The results show that average housing price, distance to the nearest police station, and average population density are the core determinants of safety-hazard variation. Importantly, many variables exhibited cooperative effects within mid-range thresholds—such as moderate traffic with high intersection density or high housing value with sufficient police coverage—indicating that hazards can be reduced most effectively through balanced interventions rather than extreme one-dimensional policies.
This research demonstrates that combining machine learning with interpretability analysis enables fine-grained, transparent assessment of the built environment–safety relationship. The findings not only enrich theoretical understanding of urban safety mechanisms but also provide quantitative, actionable guidance for governance and spatial planning.
In practice, the proposed approach offers feasible pathways for policymakers to design targeted interventions and optimize resource allocation under limited budgets. Beyond safety-hazard governance, the framework also highlights the potential of integrating crowdsourced data with explainable AI in broader urban research fields. Taken together, the study underscores that urban safety is a core dimension of sustainable urban development, directly linking the findings to the mission of Sustainability and contributing to data-driven, people-centered urban governance.
Despite the diversity of safety hazards examined, the integrative analytical framework proposed in this study captures their underlying commonalities, providing a transferable and generalizable tool for evidence-based urban safety-hazard management.

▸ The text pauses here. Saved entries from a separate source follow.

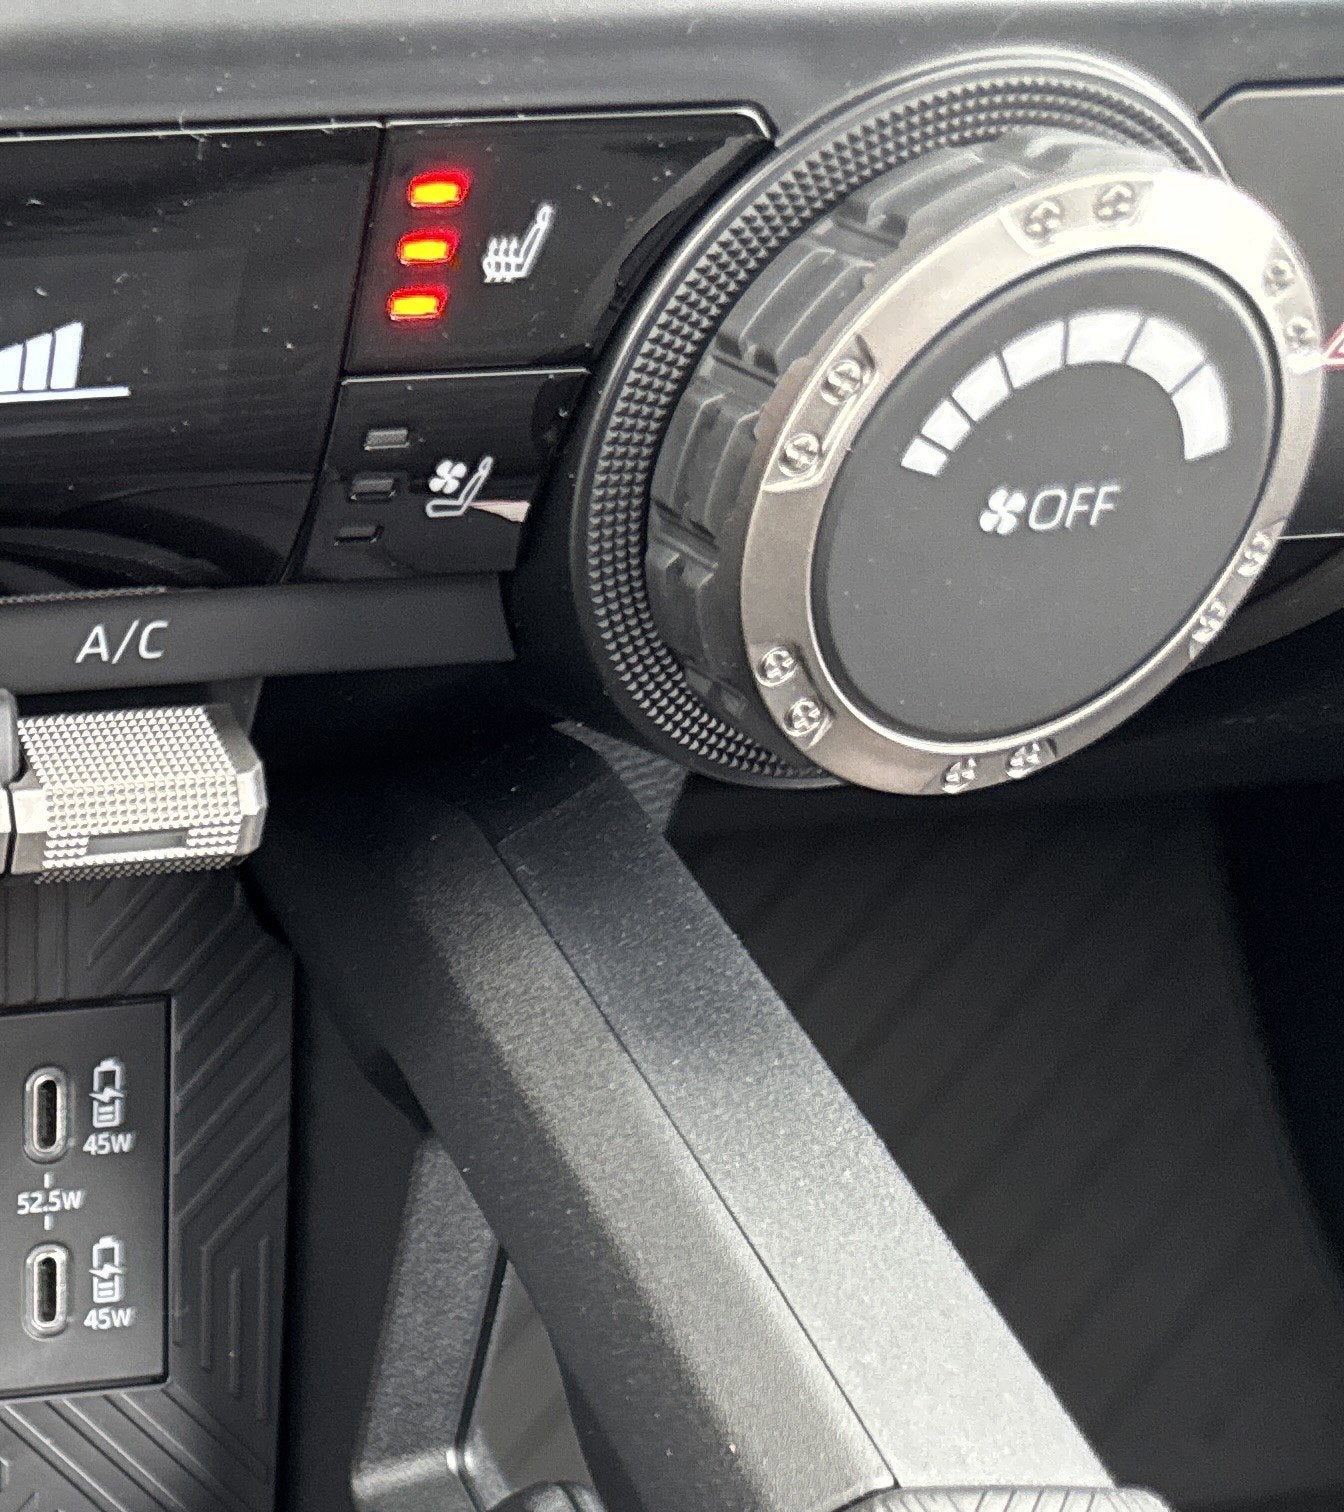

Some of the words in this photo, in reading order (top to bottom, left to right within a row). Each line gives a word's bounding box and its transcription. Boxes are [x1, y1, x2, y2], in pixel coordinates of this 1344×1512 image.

[1028, 483, 1121, 532] OFF
[75, 618, 169, 664] A/C
[83, 1132, 133, 1156] 45W
[17, 1189, 82, 1216] 52.5W
[84, 1306, 133, 1330] 45W
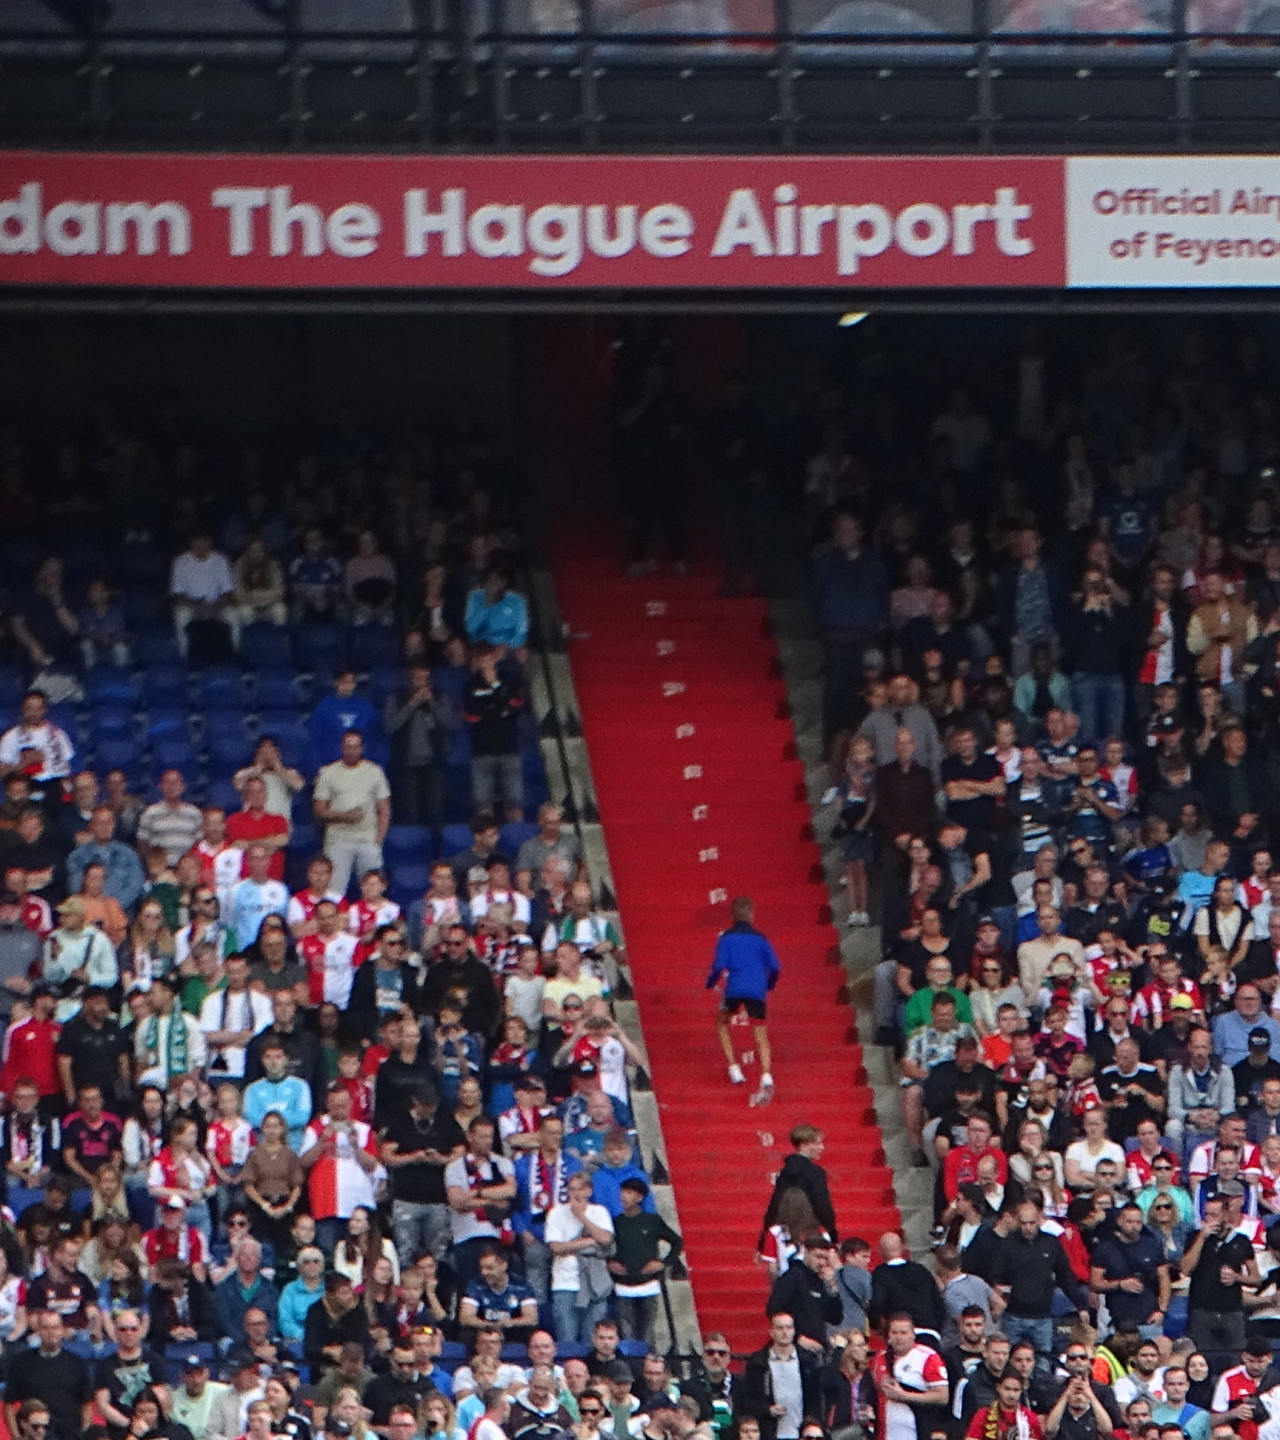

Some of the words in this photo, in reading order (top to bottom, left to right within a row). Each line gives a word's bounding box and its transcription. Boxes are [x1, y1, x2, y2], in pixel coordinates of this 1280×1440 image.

Viewed through the lens of sustainability, urban safety emerges as a cornerstone of sustainable urban development—enhancing social trust, improving residents’ well-being, and strengthening urban resilience. By embedding explainable machine learning within the sustainable city framework, the study contributes to the broader vision of creating inclusive, resilient, and sustainable urban environments, as outlined in the United Nations Sustainable Development Goal 11.